With TransactionScope
Similar to the CommitableTransaction tutorial referenced above, there is a corresponding tutorial on TransactionScope called "Implementing an Implicit Transaction using Transaction Scope". While really all I did was to copy the code from above and swap out a using() block with a transaction scope for the manual transaction bits, I did make one other change that made things a little more interesting. The tutorial includes adding another nested connection and query to force a promotion to a DTC transaction, which I thought would be interesting to see in SQL Server Profiler. My first attempt at running the code failed because I hadn't started the DTC service (derp), but when I corrected that (thank you Stack Overflow), the results were interesting.
static void Main(string[] args) { using (TransactionScope scope = new TransactionScope()) { string connStandard = ConfigurationManager.ConnectionStrings["Default"].ConnectionString; string connExpress = ConfigurationManager.ConnectionStrings["Express"].ConnectionString; using (var conn = new SqlConnection(connStandard)) { conn.Open(); try { SqlCommand cmd = new SqlCommand( @"SELECT COUNT(*) FROM Person.Person WHERE PersonType = 'EM'", conn); var count = (int)cmd.ExecuteScalar(); //open up a second connection to a different database using (var conn2 = new SqlConnection(connExpress)) { conn2.Open(); SqlCommand cmd2 = new SqlCommand( @"SELECT COUNT(*) FROM Person.Person WHERE PersonType = 'EM'", conn2); var count2 = (int)cmd2.ExecuteScalar(); } scope.Complete(); } catch (Exception ex) { Debug.WriteLine(ex.Message); } } } }
When the connection is opened to the second database (this one running in SQL Express), the transaction is promoted to a distributed transaction involving DTC. Notice that the distributed transaction ID ("TextData" in both windows) is the same in both traces. While not visible, each database actually has its own unique value in the "TransactionID" column, which I found a little surprising.
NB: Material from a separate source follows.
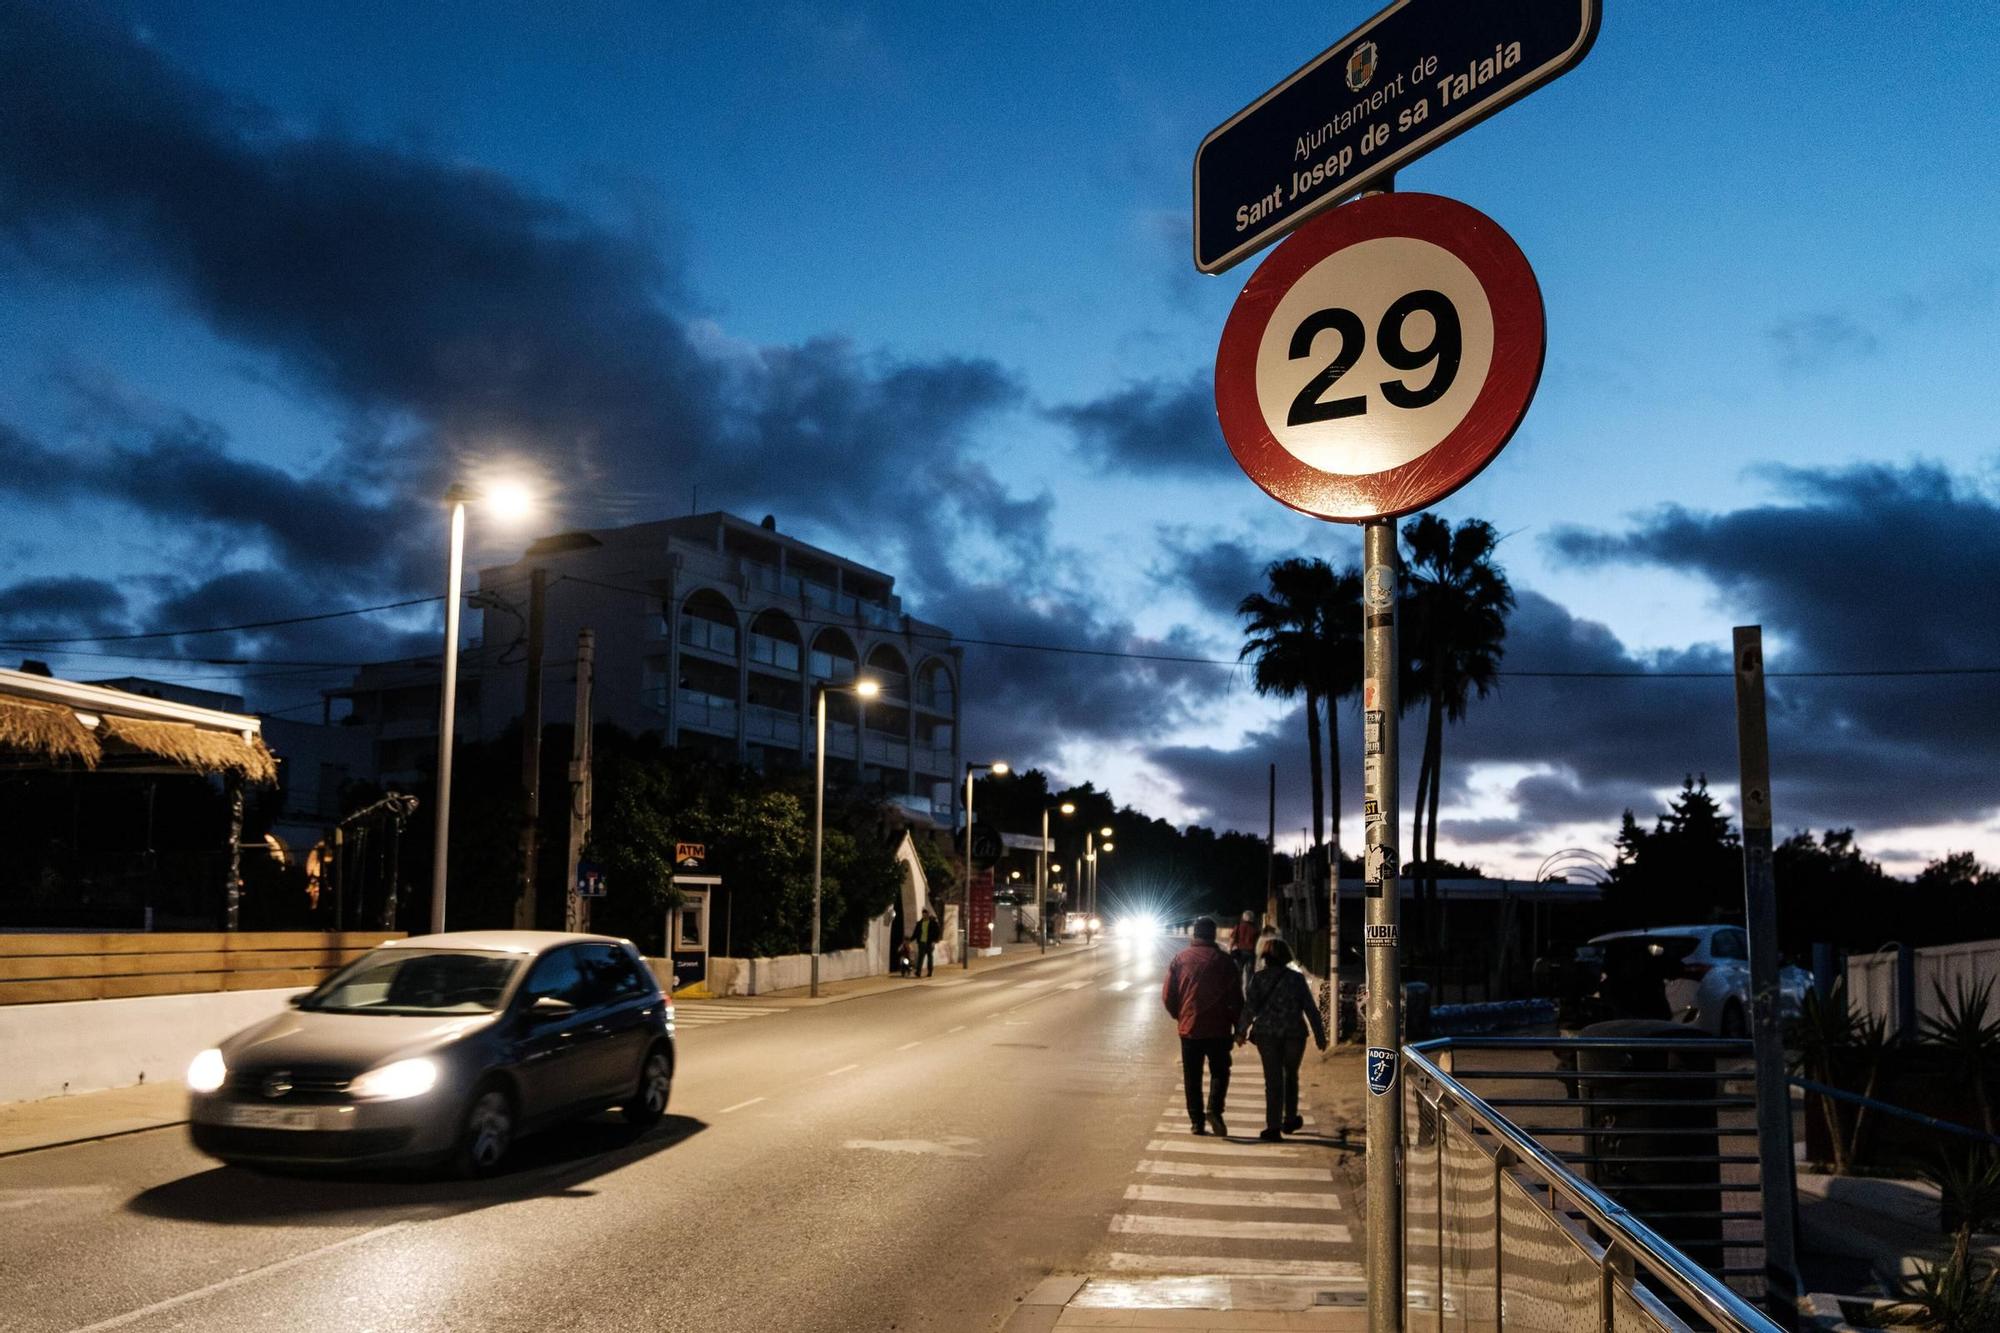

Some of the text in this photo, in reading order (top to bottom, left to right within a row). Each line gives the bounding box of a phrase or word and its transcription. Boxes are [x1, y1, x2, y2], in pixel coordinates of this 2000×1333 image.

Implementing Distributed Transactions
In classic fashion, the treatment of the subject of distributed transactions in the Exam Ref is woeful. It's one page of mansplaining a use case scenario that is too vague to have any value. A much better resource for learning the mechanisms involved in a distributed transaction is the PluralSight course Understanding .NET and WCF Transactions. The NPTEL lectures cover the Two Phase commit protocol in some depth, which is helpful for understanding how distributed transactions work in practice.
There are several actors involved in transactions, and the number and type of these actors determines how transactions are managed and whether they are treated as distributed. The transaction manager coordinates transactions on the local machine as well as between machines. The resource manager controls some resource involved in a transaction (such as a database or message queue). The transaction protocol controls how nodes involved in the transaction communicate and ultimately commit or abort.
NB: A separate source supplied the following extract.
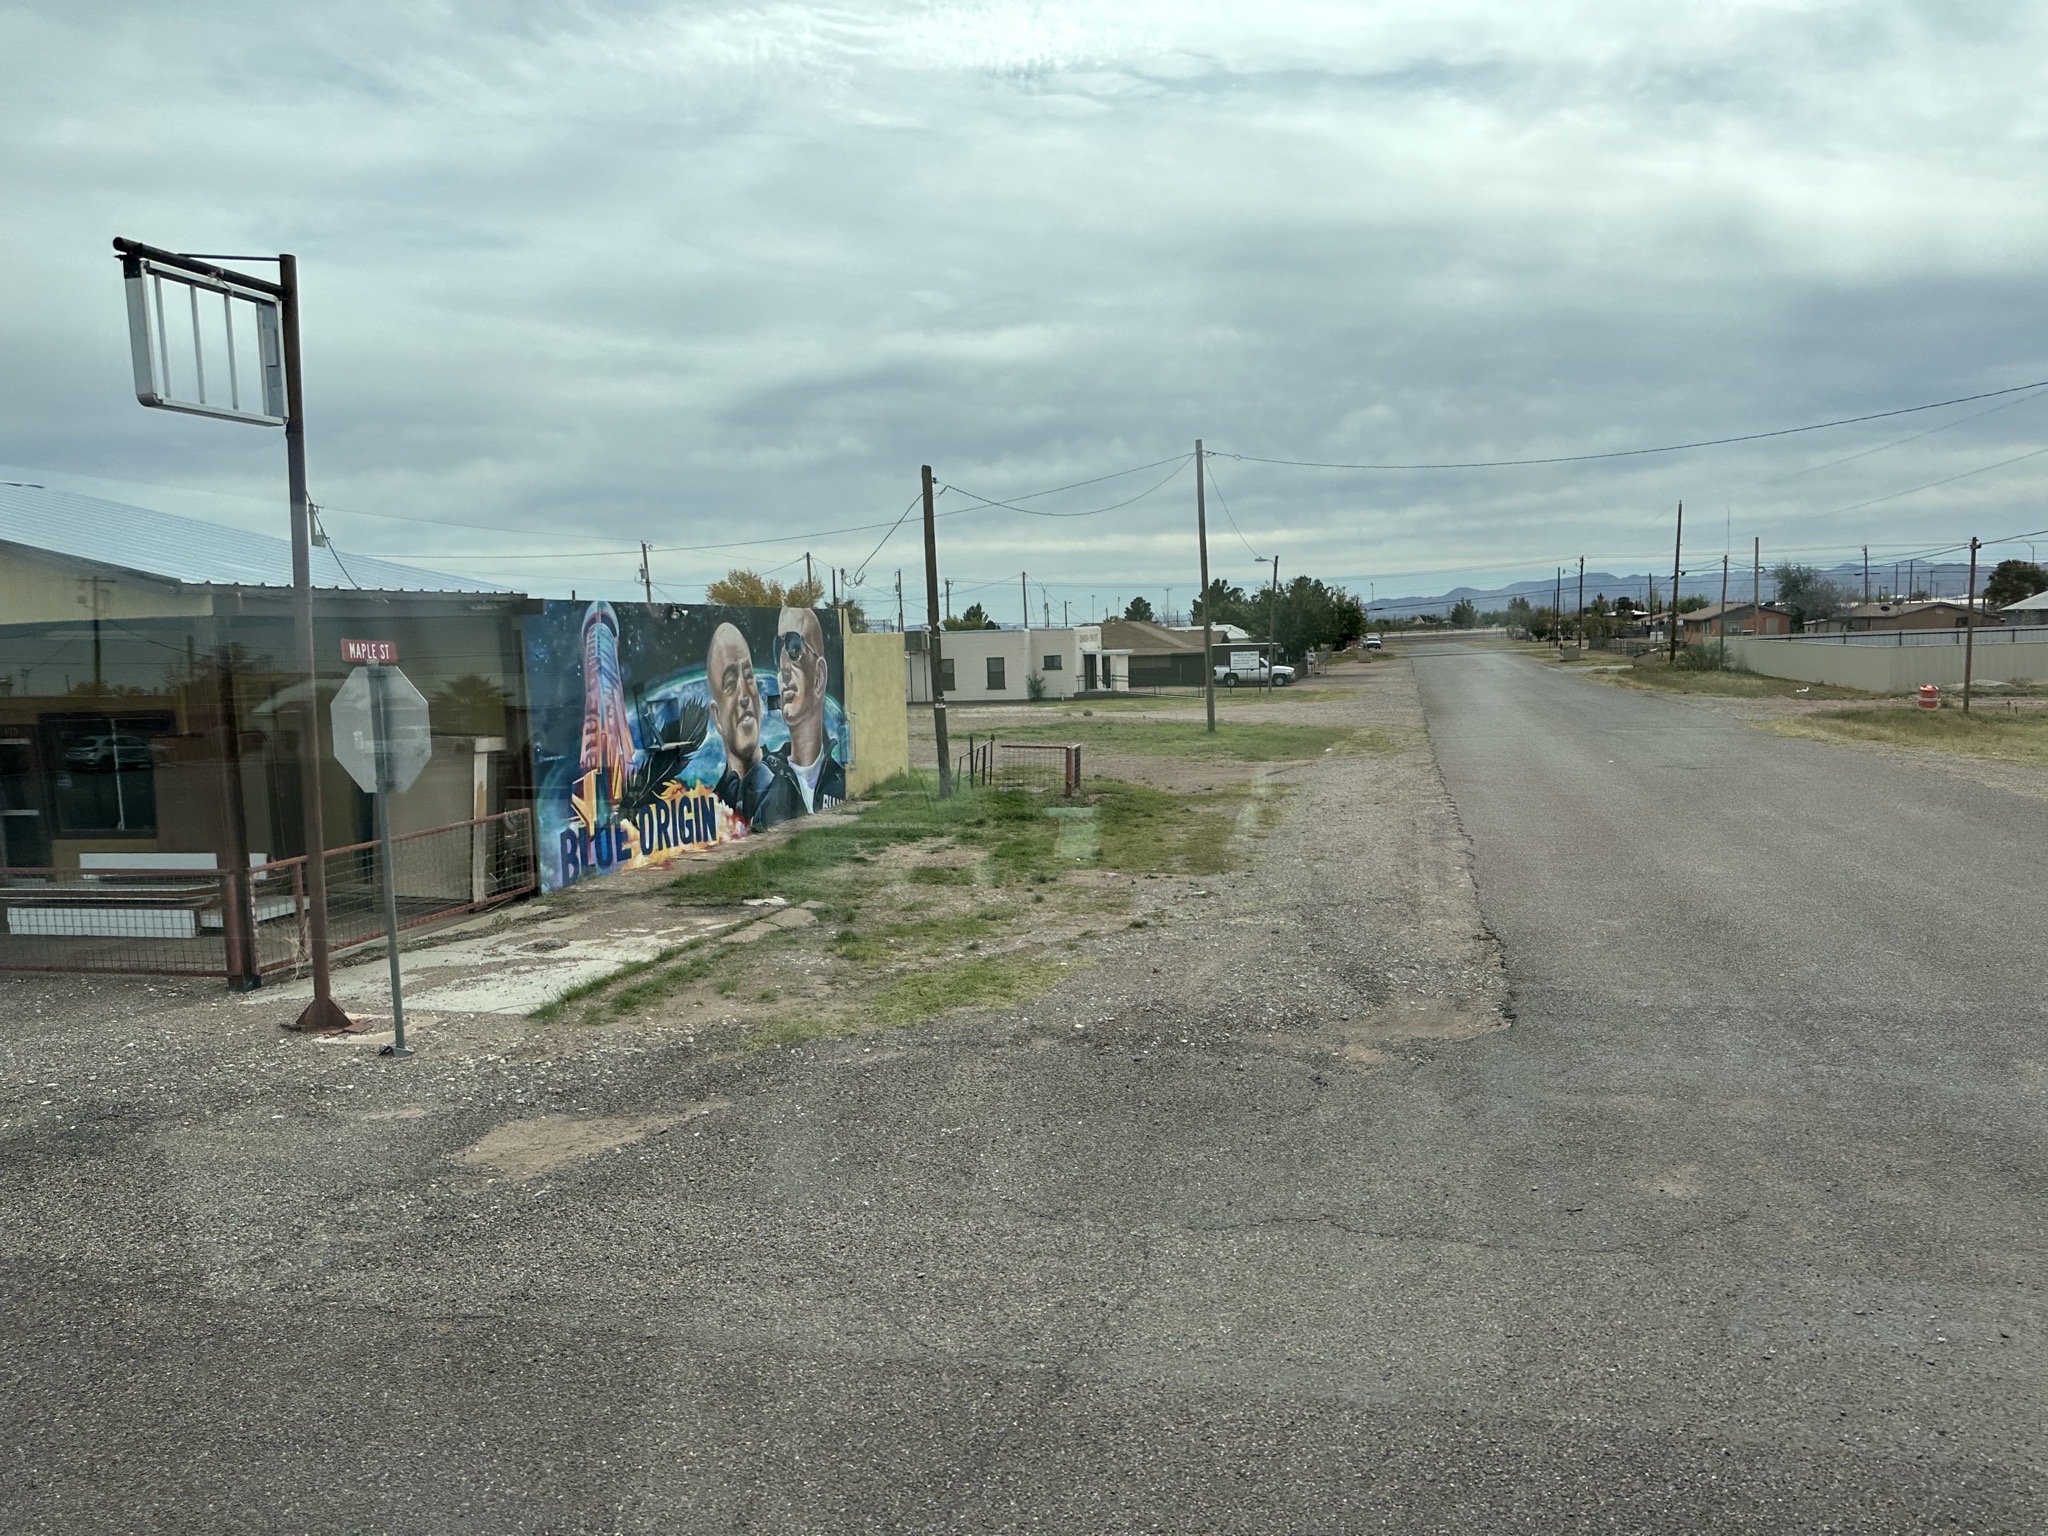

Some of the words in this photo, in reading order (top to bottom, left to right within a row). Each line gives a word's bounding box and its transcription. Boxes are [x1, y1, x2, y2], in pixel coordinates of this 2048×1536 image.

[349, 642, 377, 659] MAPLE
[379, 644, 390, 660] ST
[560, 824, 632, 888] BLUE
[639, 796, 717, 855] ORIGIN
Simple transactions that involve only one durable resource (like a database) may start out using the Lightweight Protocol (as long as that resource supports it). If the resource does not support LWP (like MSMQ or most non-Microsoft DBMS), then the transaction will automatically be promoted to a distributed transaction managed by MSDTC, though the protocol may still vary depending on the resource managers involved.
We can see this promotion process in the debugger. Initially the transaction has no distributed transaction id, and it's state is "active". After being promoted to a distributed transaction (with the addition of another resource), the distributed id is populated and the state of the transaction is now "delegated" (represented by the internal class TransactionStateDelegated):
Before promotion:
After promotion:
Also notice that the transaction is an OleTx transaction. Within a Windows environment, this is what we would expect. However, for WS-* based web services, WS-AtomicTransaction (WSAT) may be the protocol in use, depending on the interoperability needs of the application. The PluralSight course does a quick little demo on it, and the MSDN article on using WS-AtomicTransaction briefly explains why you might use it.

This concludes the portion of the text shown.